While I work on this one...Pictures of my personal ship.


----------



## Chrisisall (May 12, 2011)

Astonishing.


----------



## Captain Han Solo (Apr 5, 2002)




----------



## SteveR (Aug 7, 2005)

Very nice! :thumbsup:


----------



## Captain Han Solo (Apr 5, 2002)

A you tube video...

https://www.youtube.com/watch?v=AogW3pHg3gA


----------



## Chrisisall (May 12, 2011)

I'm in love again...


----------



## larskseme (Sep 2, 2014)

VERY nice. I really like the video. Someday, I'm going to do one of these, hope it is 1/2 as good.


----------



## Captain Han Solo (Apr 5, 2002)

Here's my personal build...


http://s1165.photobucket.com/user/ELVISMAJORS/media/THOLIANWEB4bestmyers_zps27b634a4.jpg.html


----------



## Captain Han Solo (Apr 5, 2002)

My 1/350 Original series Enterprise build. I wanted to capture the look of the actual miniature as seen in the classic episodes so using my vast reference library collected over the years, I painted the model a select group of custom mixed paints, Air Brushed. I also adjusted the lighting as it was way to bright to reflect correct scale. The images were done with the goal of having a 3D Effect and recreating the not perfect look of the effect shots used in the series. Also careful external lighting was used to have the Model be an actual part of the background and not look like it was just cropped in the final shot.


----------



## Chrisisall (May 12, 2011)

Captain Han Solo said:


> My 1/350 Original series Enterprise build. I wanted to capture the look of the actual miniature as seen in the classic episodes so using my vast reference library collected over the years, I painted the model a select group of custom mixed paints, Air Brushed. I also adjusted the lighting as it was way to bright to reflect correct scale. The images were done with the goal of having a 3D Effect and recreating the not perfect look of the effect shots used in the series. Also careful external lighting was used to have the Model be an actual part of the background and not look like it was just cropped in the final shot.
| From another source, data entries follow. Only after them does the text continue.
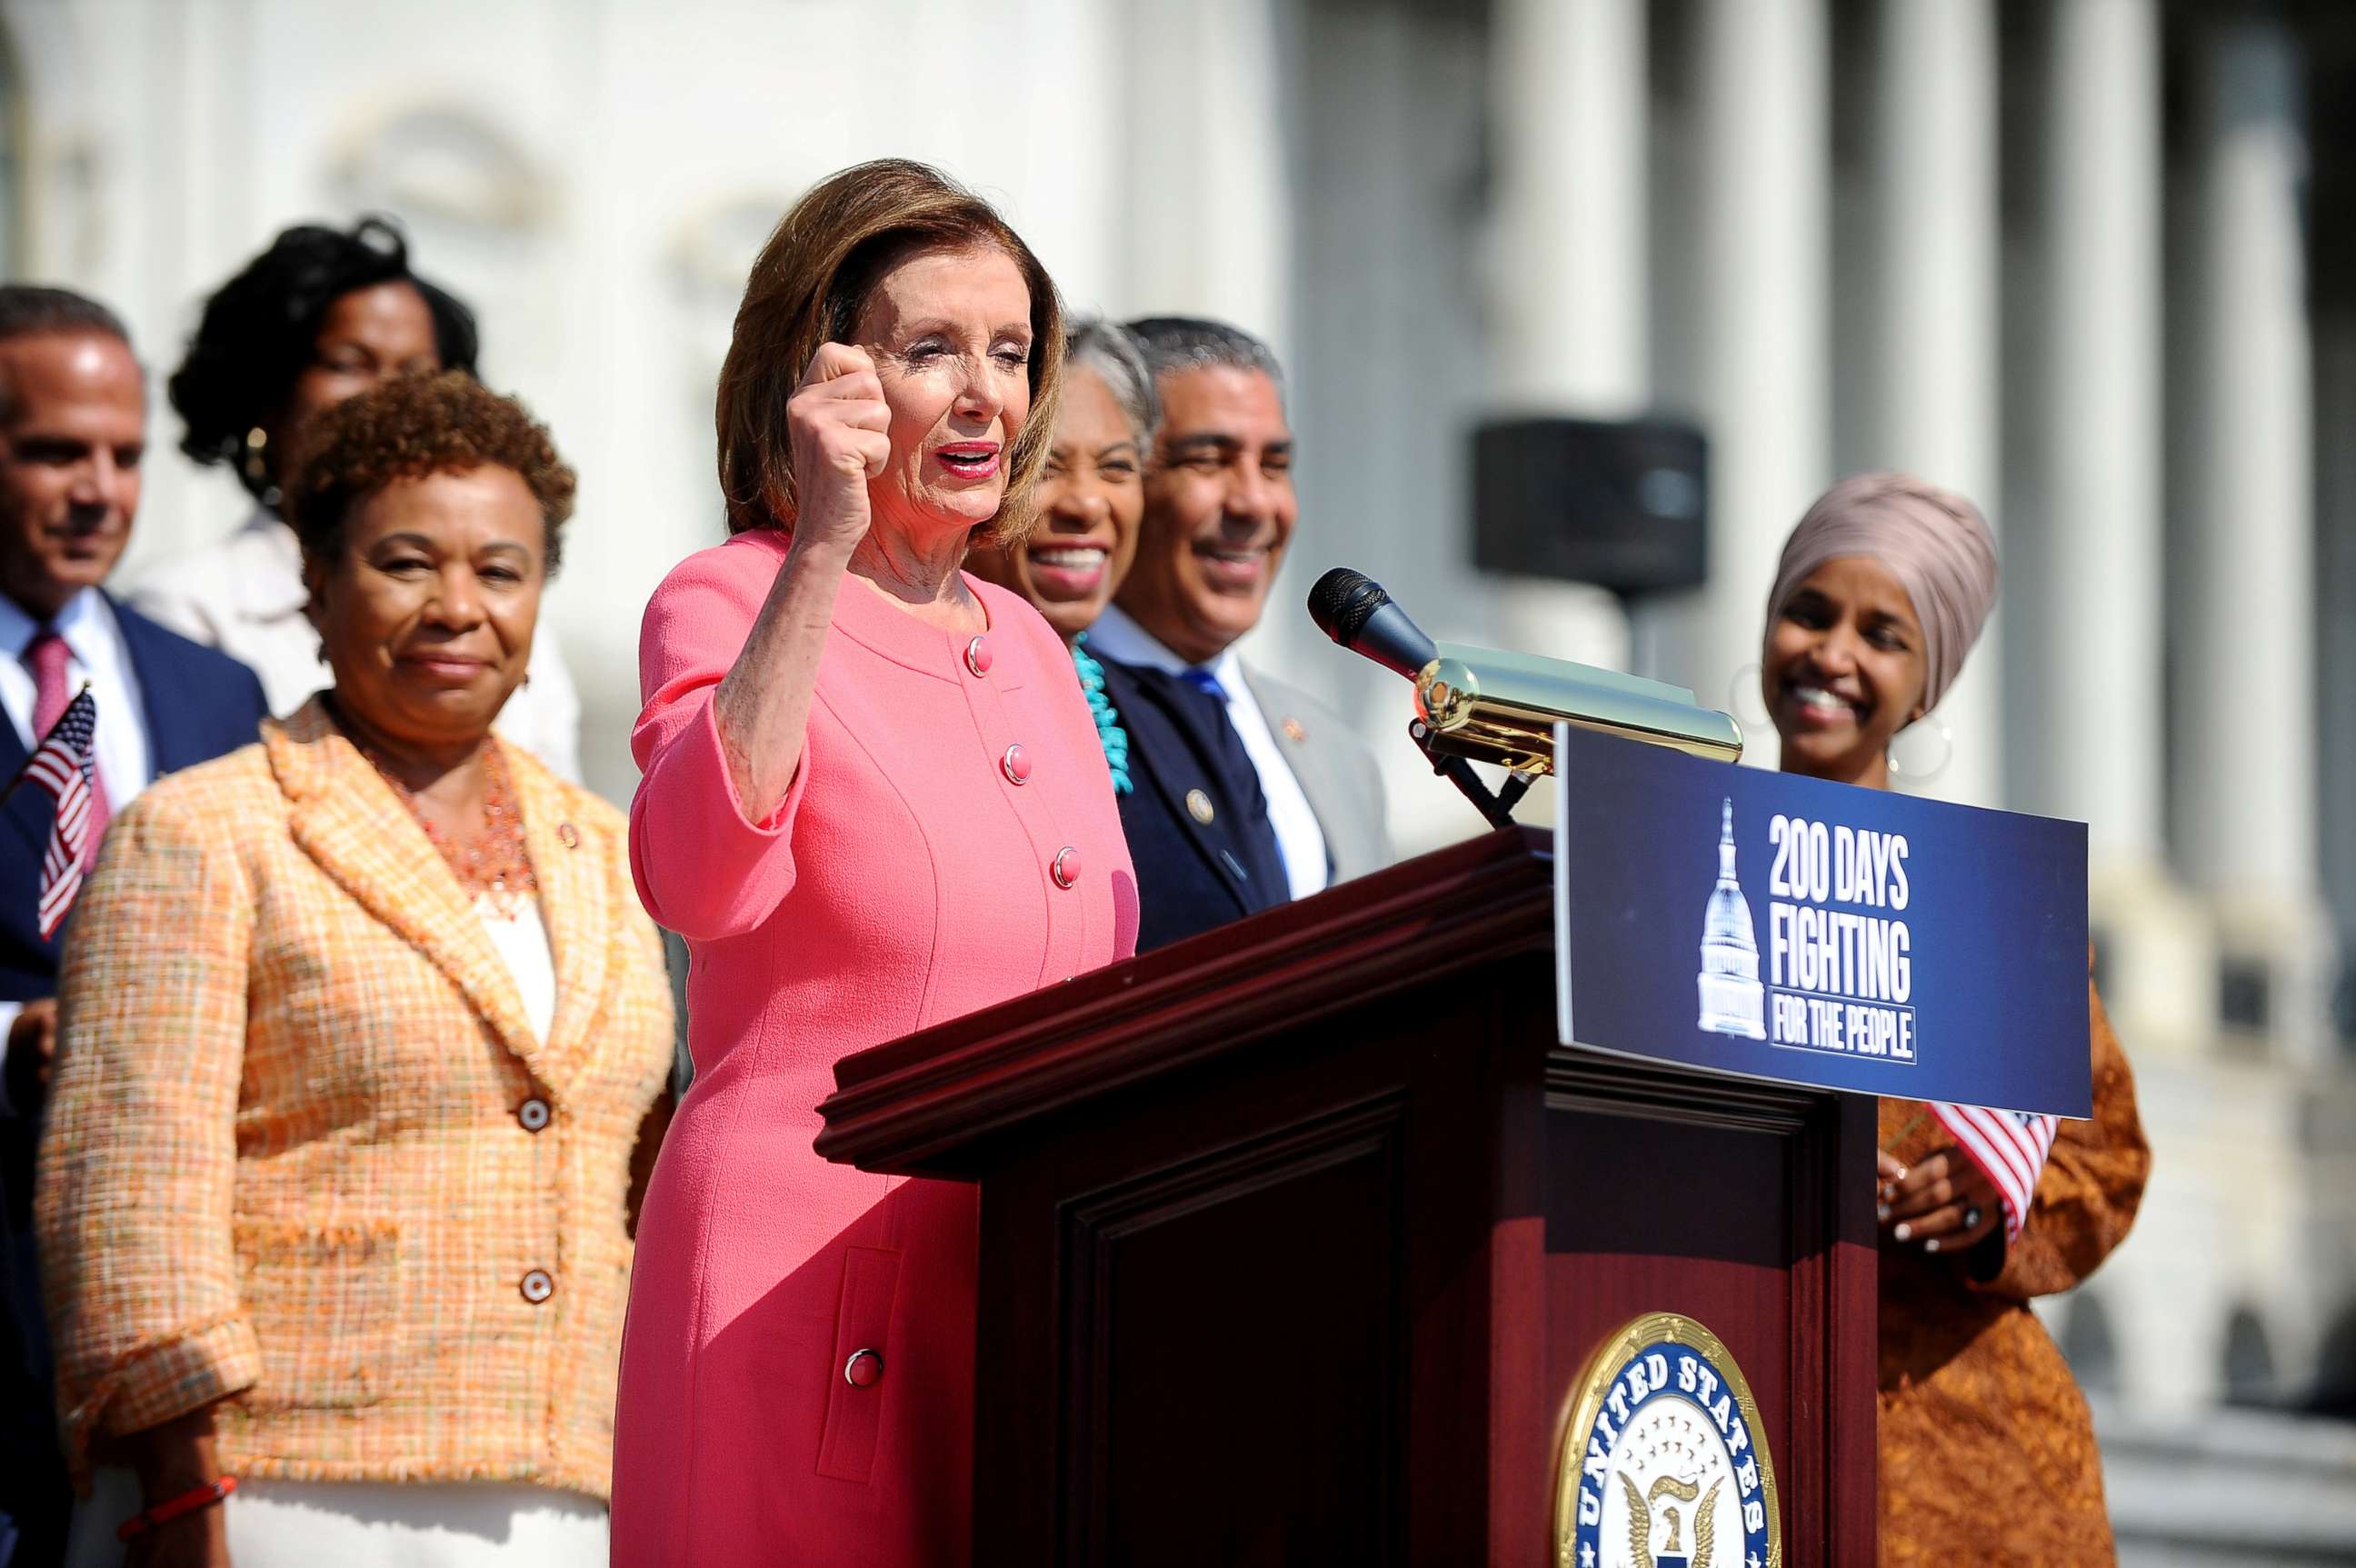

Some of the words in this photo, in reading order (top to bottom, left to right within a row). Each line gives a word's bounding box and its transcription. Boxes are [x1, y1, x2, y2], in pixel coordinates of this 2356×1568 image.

[1770, 814, 1830, 903] 200
[1834, 825, 1909, 911] DAYS
[1770, 902, 1911, 1004] FIGHTING
[1772, 993, 1808, 1045] FOR
[1808, 998, 1844, 1050] THE
[1846, 1004, 1912, 1059] PEOPLE
[1578, 1353, 1669, 1527] UNITED
[1678, 1355, 1764, 1534] STATES
I think the applicable term would be 'perfect.'


----------



## pagni (Mar 20, 1999)

Stunning !


----------



## Chrisisall (May 12, 2011)

pagni said:


> Stunning !


It does seem set for that!


----------



## WOI (Jun 28, 2012)

Sweet Magilla Gorilla,you've captured the look of the classic style of the SPX
perfectly.


----------



## Captain Han Solo (Apr 5, 2002)

Many, Many thanks guys...Working on a short video employing the same techniques used in the original series...coming soon:thumbsup:


----------



## SteveR (Aug 7, 2005)

Sweet!


----------



## Captain Han Solo (Apr 5, 2002)

My Klingon Battle Cruisers and 1/350 Enterprise square off in the spirit of the original series effects and Original box cover of the AMT Klingon ship. Again, to mimic the original series as broad cast, careful lighting, "SCALE" lighting is employed. All the models were Air Brushed using my IWATA system.


----------



## Captain Han Solo (Apr 5, 2002)

My personal 1/350 Enterprise build in a scene depicting "The Tholian Web" episode of Star Trek the original series. I wanted to capture the look of the actual miniature as seen in the classic episodes so using my vast reference library collected over the years, I painted the model a select group of custom mixed paints, Air Brushed. I also adjusted the lighting as it was way to bright to reflect correct scale. The images were done with the goal of having a 3D Effect and recreating the not perfect look of the effect shots used in the series. Also careful external lighting was used to have the Model be an actual part of the background and not look like it was just cropped in the final shot.


----------



## Proper2 (Dec 8, 2010)

Fantastic work! I assume you are using Photoshop?


----------



## spocks beard (Mar 21, 2007)

Man, You not only crank out your builds exceptionaly fast..But highly professional!
Your Enterprise looks just like the original filming minuiture.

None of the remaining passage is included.